More significantly, it explicitly rules that Israel is required to allow Palestinians displaced during the 1967 illegal occupation “to return to their original place of residence.”
The startling adjudication is the first time since UN General Assembly Resolution 194 in 1948 stipulating the Palestinian right of return (ROR) that this inalienable right has been mentioned by the ICJ. Palestinian rights advocates have been demanding the ROR for decades to all territories occupied since both 1948 and 1967.
But while the implementation of UN Resolution 194 was contingent upon a final resolution that never materialised, the ICJ directly requires Israel to do so immediately, which is unprecedented in the history of the 67-year-old Arab-Israeli conflict.
The court’s AO has no binding force, but it carries great legal and political weight that will inevitably impact Israel and its allies, observers say.
The ICJ is the world’s highest court and remains, despite its enforcement limitations, a principal organ of the UN and the rules-based international order. All UN member states are party to the ICJ’s Statutes.

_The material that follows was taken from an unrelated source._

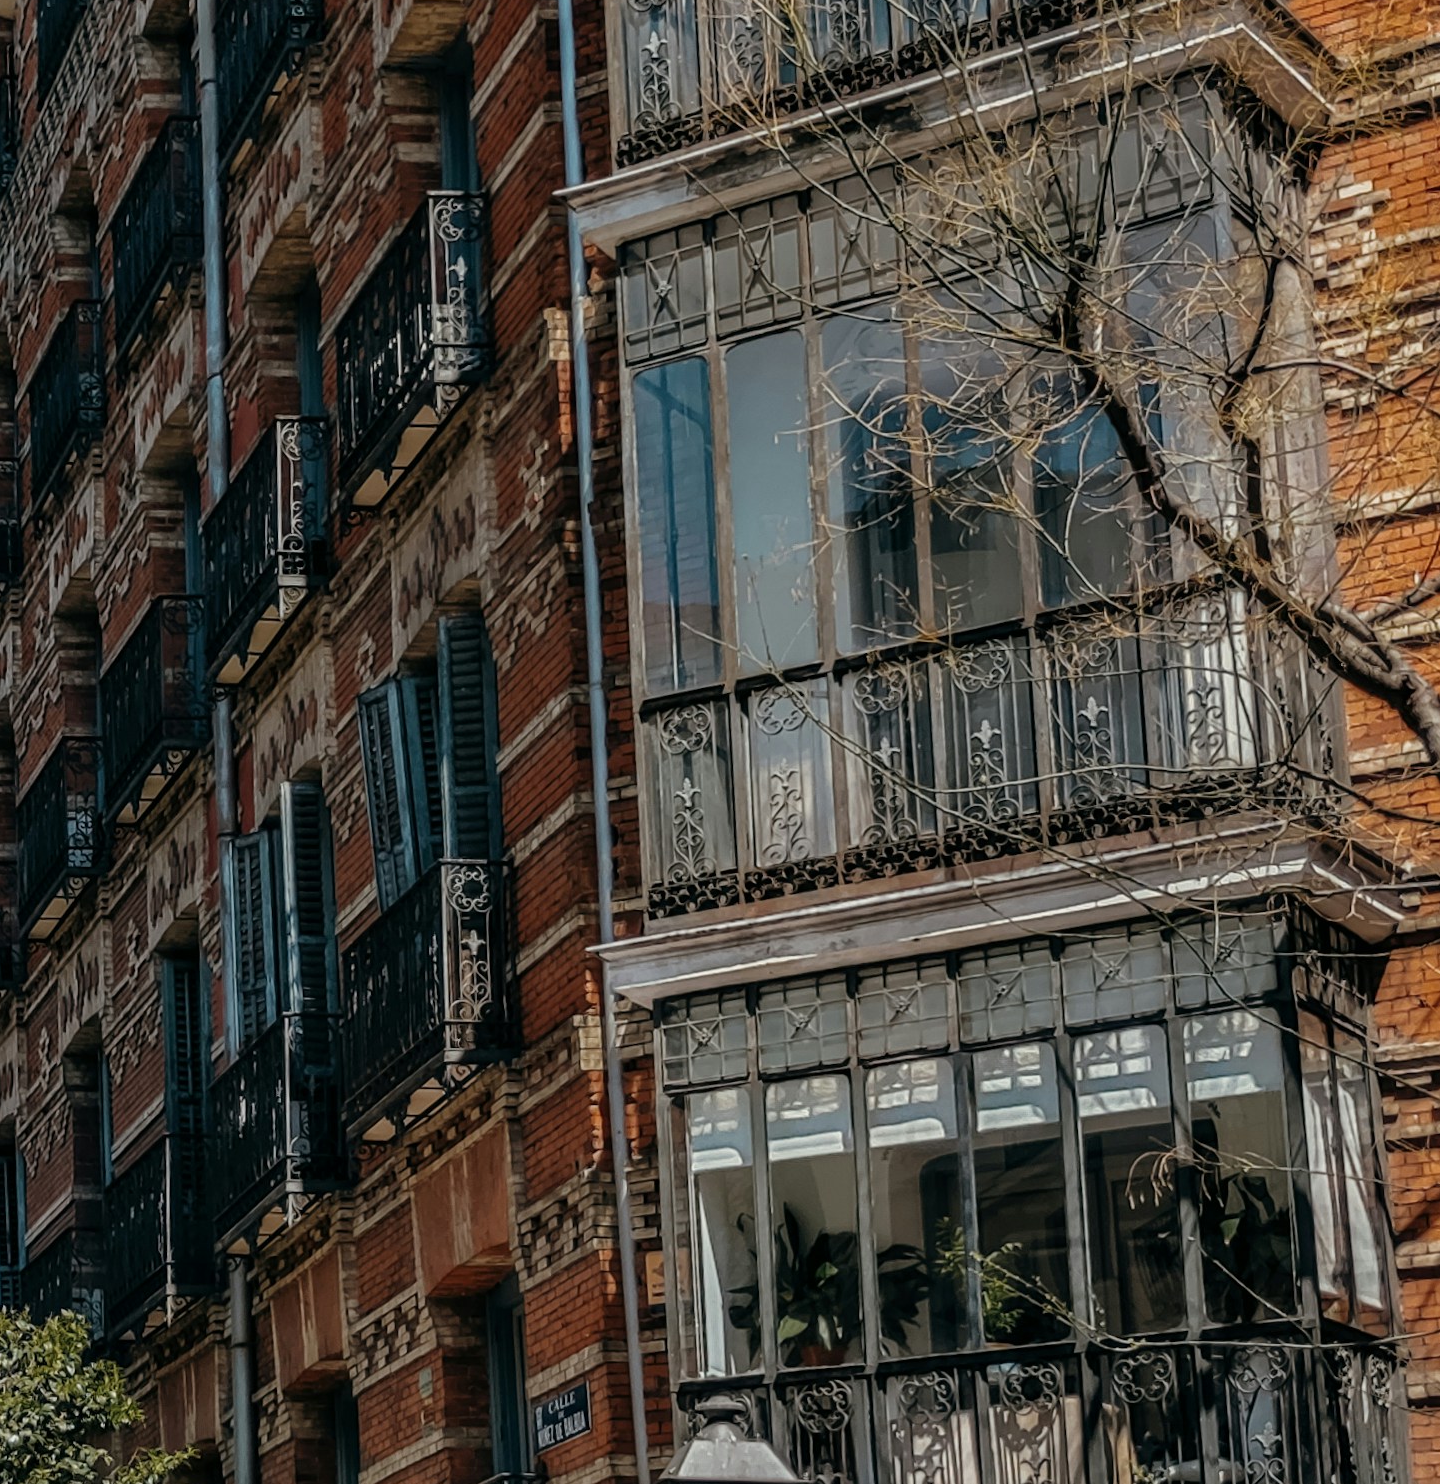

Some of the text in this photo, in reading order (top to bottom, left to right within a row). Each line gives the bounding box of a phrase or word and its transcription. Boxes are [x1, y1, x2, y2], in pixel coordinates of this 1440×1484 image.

[548, 1391, 576, 1414] CALLE
[555, 1422, 564, 1441] DE
[563, 1410, 587, 1437] BALBOA

The court consists of a panel of 15 judges elected by the UN General Assembly and Security Council.
Israel’s Foreign Ministry rejected the ICJ opinion as “one sided and wrong”. A statement by its Foreign Affairs Minister Israel Katz used the “historic rights” of the Jewish people, the “Holocaust,” “Hamas,” and “Iran” in its wording, but did not mention the Israeli occupation.

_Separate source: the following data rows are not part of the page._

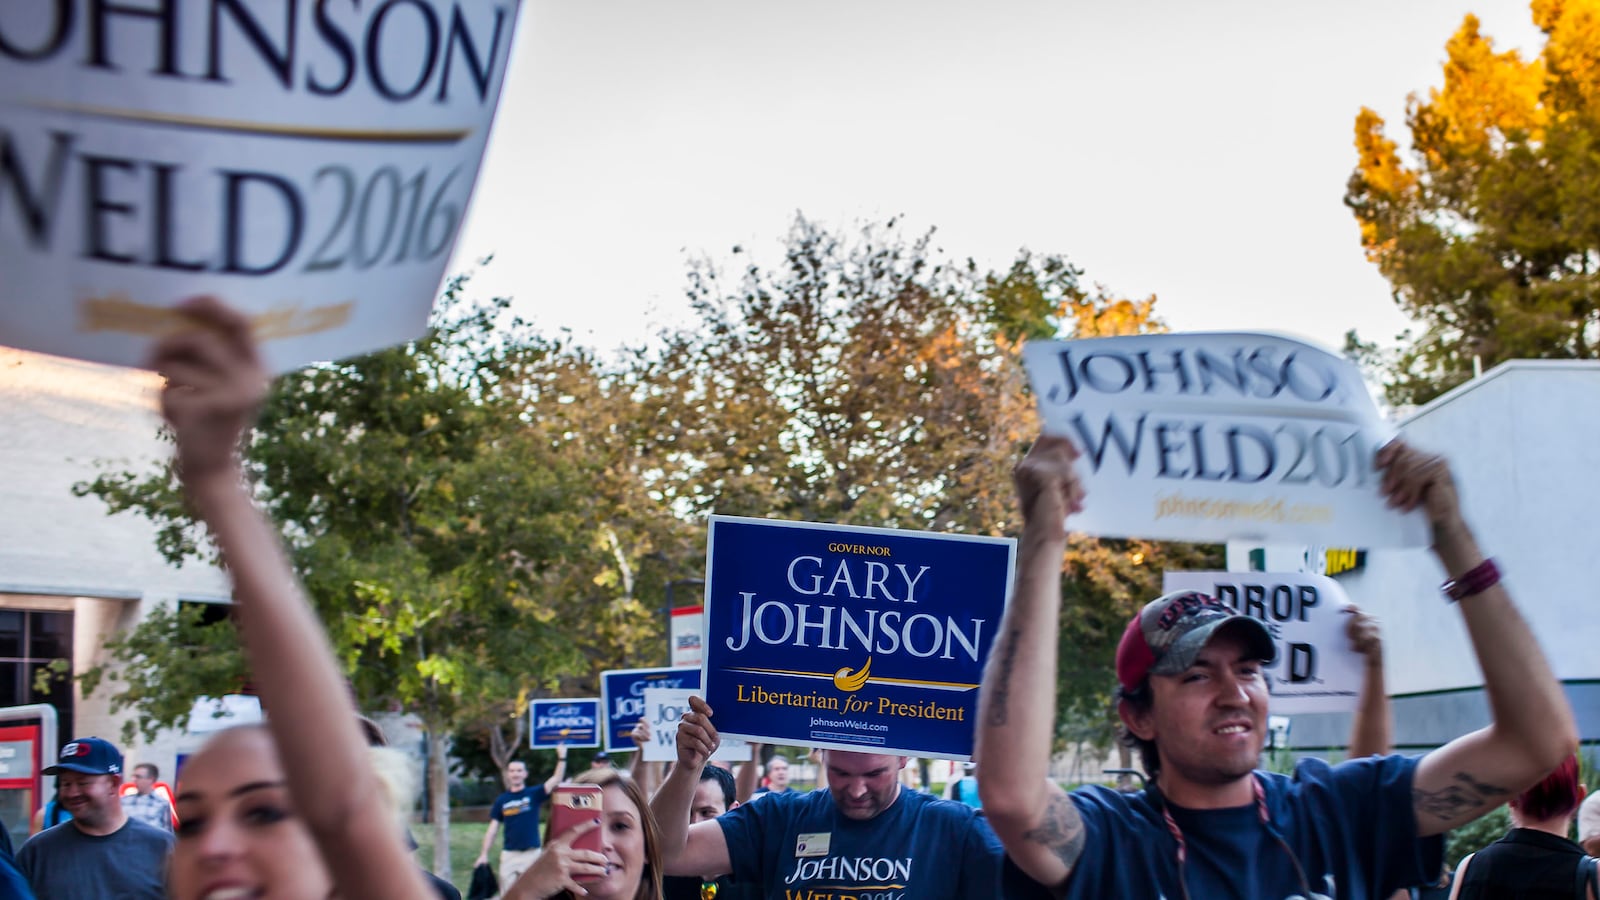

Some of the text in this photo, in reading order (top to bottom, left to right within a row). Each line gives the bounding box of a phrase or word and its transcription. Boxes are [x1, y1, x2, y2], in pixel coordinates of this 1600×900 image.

[828, 542, 891, 557] GOVERNOR
[786, 555, 931, 603] GARY
[725, 591, 986, 662] JOHNSON
[736, 684, 965, 722] Libertarian for President
[809, 716, 889, 732] JohnsonWeld.com
[784, 855, 913, 885] JOHNSON

Israeli leaders accused the ICJ’s elected panel of judges of antisemitism.
The AO stems from a December 2022 request by the UN General Assembly to the court to consider the legal consequences of Israel’s policies and practices in the OPT.
In February this year, the ICJ held hearings on Israel’s occupation of Palestinian land, with 50 countries and three international organisations participating in the oral proceedings, “more than in any other case since the world’s highest court began functioning in 1946,” in the words of an analysis by international rights group Human Rights Watch.
A statement by the US State Department criticised the court’s AO as a “complication” to resolving the conflict. The State Department said it “strongly discourages” parties from using the ICJ opinion “as a pretext for further unilateral actions that deepen divisions or for supplanting a negotiated two-state solution.”
The statement comes a week after the Israeli parliament voted against Palestinian statehood, the basis of the two-state solution.
Legal scholars and advocates of Palestinian rights have celebrated the “breadth” of the AO as one of the court’s most striking achievements. “Recognising the Palestinian right of return is perhaps the most surprising finding for me,” said Tara Von Ho, a senior lecturer at the UK-based Essex Law School.
“The court did not ‘need’ to go there to answer the questions, but that it did (and recognised Apartheid) indicates how seriously the ICJ took this case and also that the court was committed to addressing the situation holistically so that it does not need to revisit the situation repeatedly in the future,” Von Ho wrote on X, previously known as Twitter.
Elaborating on the AO, the court said it includes Israel’s obligation “to return the land and other immovable property, as well as all assets seized from any natural or legal person since its occupation started in 1967, and all cultural property and assets taken from Palestinians and Palestinian institutions, including archives and documents.”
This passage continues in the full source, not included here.